Убить в себе жалость - Нестеров Михаил Петрович. Страница 75
— Сумбурно.
— Что? — не понял Оганесян, глянув на Андрея.
— Я говорю: сумбурно все вышло. Обычно так не делают. Вообще мне не понравилось, как будто я парню проветрил мозги за превышение скорости. Ехал человек, ехал, потом решил давануть на тормоз…
— А ты ничего ему не припел? — с подозрением в голосе спросил армянин.
— Мы оба молчали как рыбы. Но он вдруг занервничал, когда ты на обгон пошел. Видно было, что парень ждал неприятностей, шарахнулся от простого маневра. Потом вдруг как заорет: "Это ты?!"
— Ну а ты? — Норик снова повернул голову.
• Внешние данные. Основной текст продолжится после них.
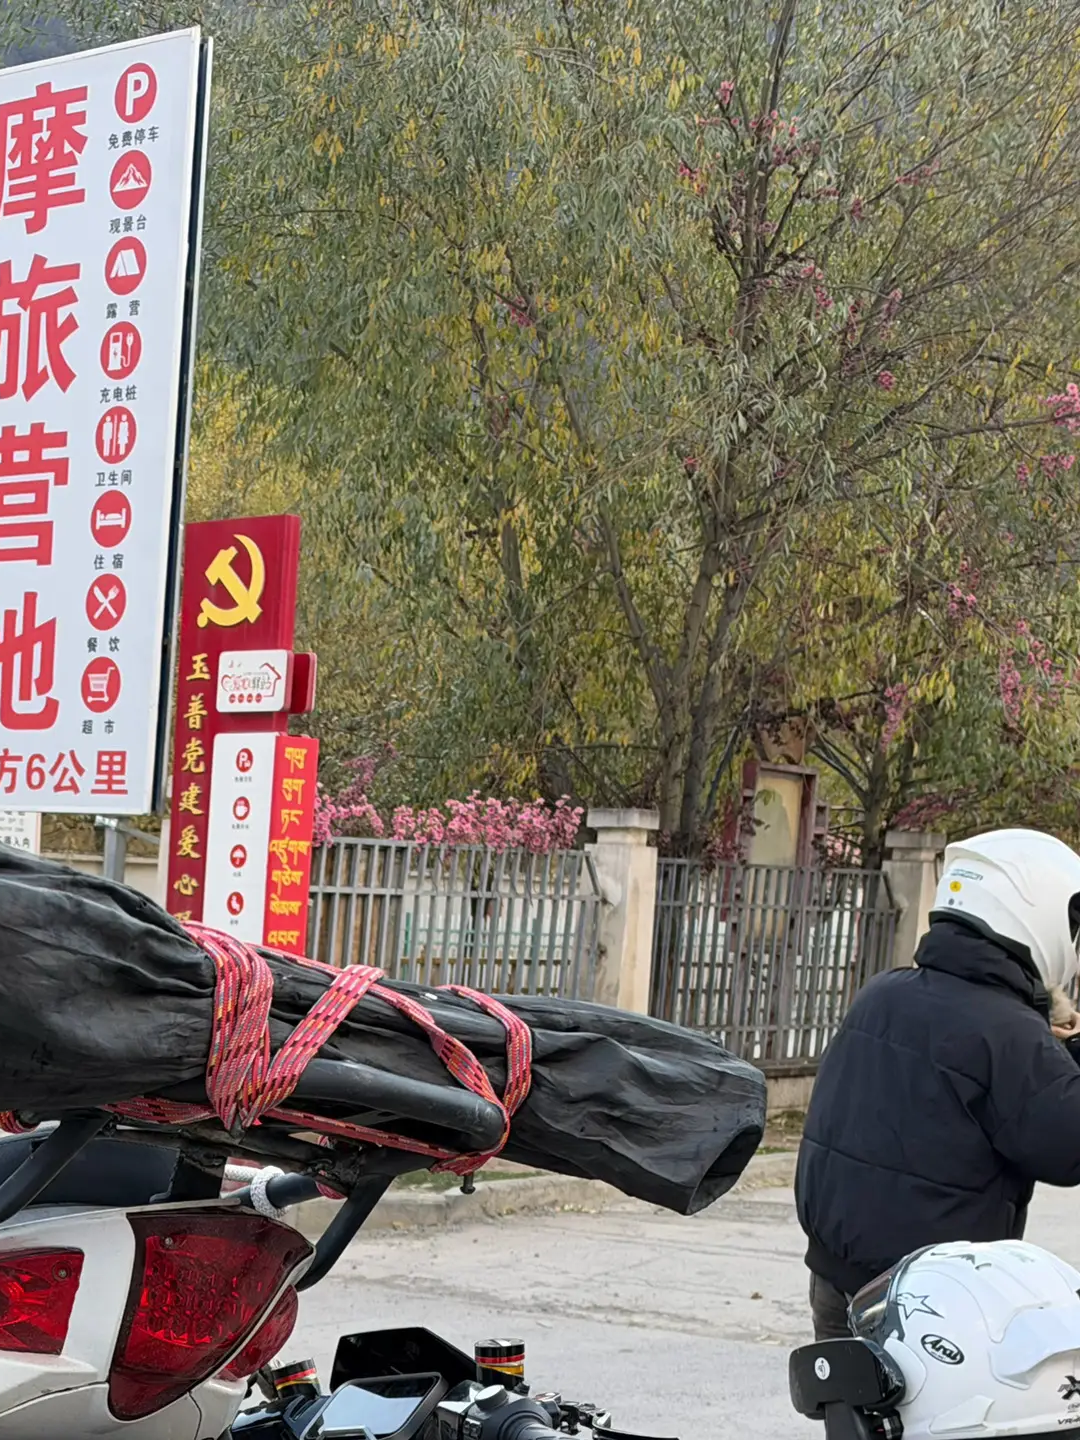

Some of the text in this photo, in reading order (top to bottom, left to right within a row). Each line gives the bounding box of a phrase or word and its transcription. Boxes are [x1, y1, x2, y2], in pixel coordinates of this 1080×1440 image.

[107, 126, 160, 150] 免费停车
[106, 299, 141, 319] 露营
[99, 385, 137, 404] 充电桩
[95, 469, 132, 487] 卫生间
[93, 553, 124, 570] 住宿
[87, 637, 120, 653] 餐饮
[82, 719, 115, 734] 超市
[173, 653, 211, 922] 玉普党建爱心
[925, 1338, 960, 1361] Arai
— Я говорю: "Манты!" — И прекратил разговор. Еще чуть-чуть, и он угробил бы нас обоих. Поэтому я и говорю — сумбур. Не люблю так работать. За каким, спрашивается, хреном, писал я однажды о своих качествах? Чтобы в один прекрасный момент мне дали вонючий газовый пистолет, посадили в машину: мол, дернется водила, убей его.
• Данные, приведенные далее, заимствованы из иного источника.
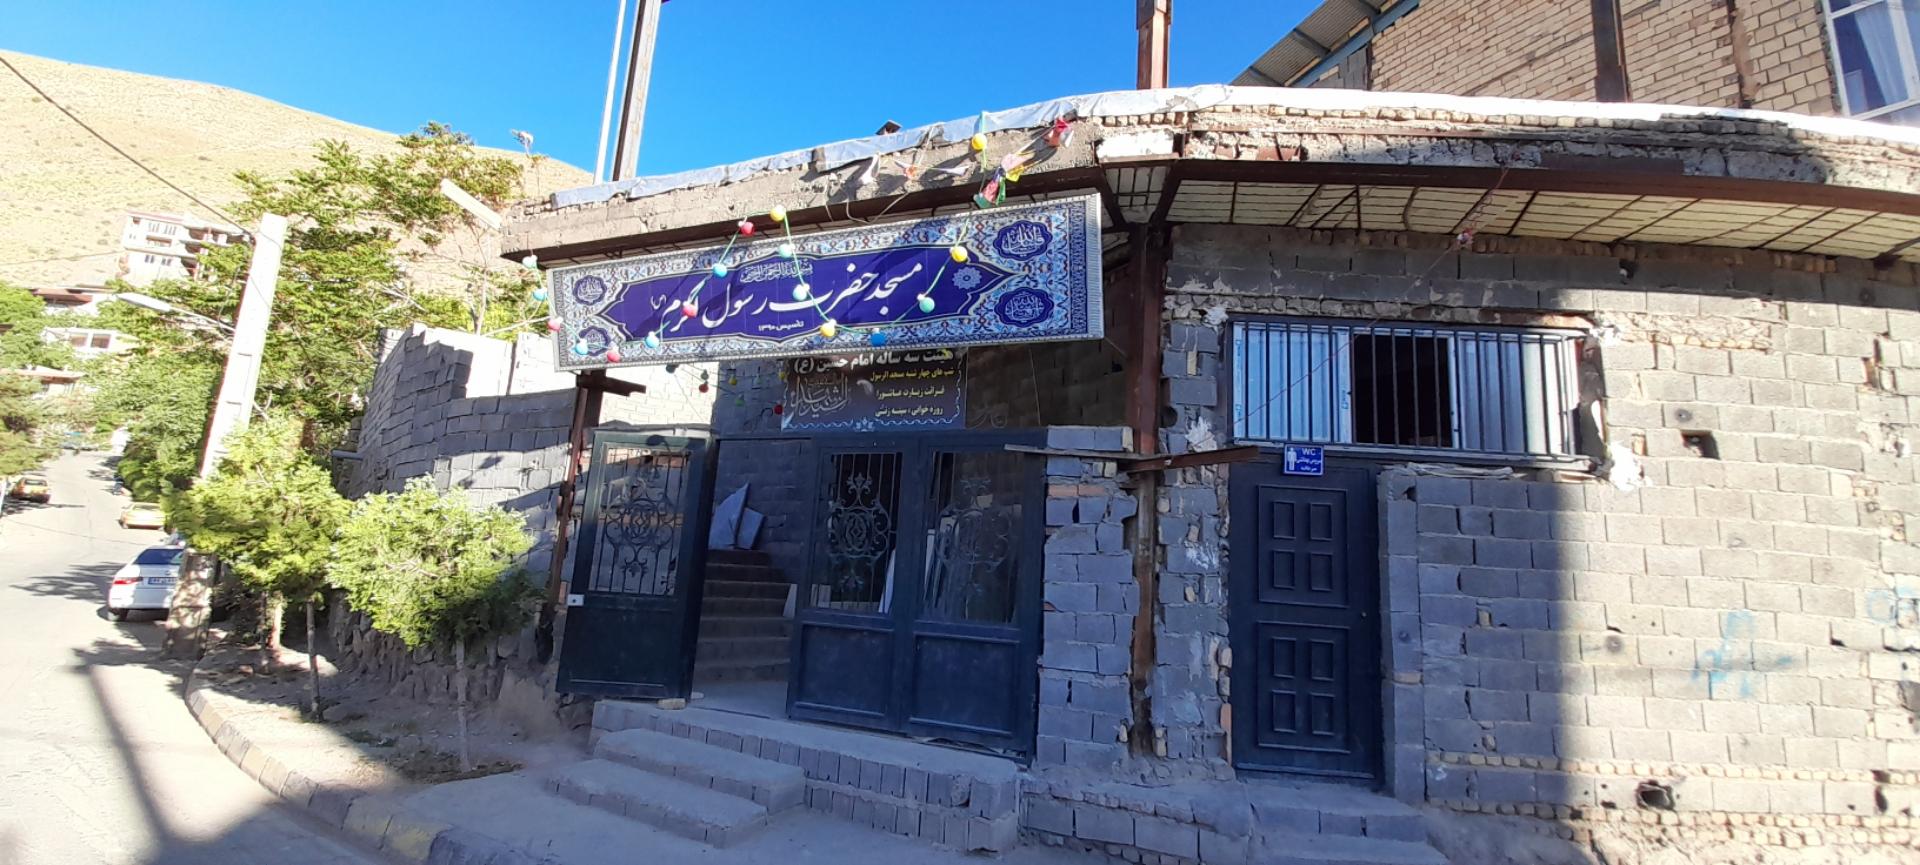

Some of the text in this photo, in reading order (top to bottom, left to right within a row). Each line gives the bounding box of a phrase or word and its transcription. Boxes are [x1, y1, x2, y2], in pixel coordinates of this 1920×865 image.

[768, 262, 880, 314] حضرت
[863, 262, 923, 316] مسجد
[702, 282, 768, 329] رسول
[817, 356, 849, 372] حسین
[850, 352, 874, 370] امام
[876, 351, 900, 365] ساله
[904, 353, 920, 364] سه
[794, 357, 814, 374] (ع)
[931, 367, 943, 378] های
[889, 370, 905, 379] مسجد
[876, 388, 902, 400] عاشورا
[903, 387, 924, 398] زیارت
[1301, 447, 1316, 456] WC
— Тебе надо расслабиться. — Норик по себе знал, что за такими разговорами кроется крайнее возбуждение. Вскоре оно пройдет. Например, на Норика обрушивался небывалый аппетит, он глушил водку стаканами и не пьянел; притуплялись чувства, проходила дрожь, которая давала знать о себе спустя час или даже два после выполнения работы.
— Надо, — отозвался Андрей, прикуривая очередную сигарету. — Посидим вечерок в кафе, а, Норик?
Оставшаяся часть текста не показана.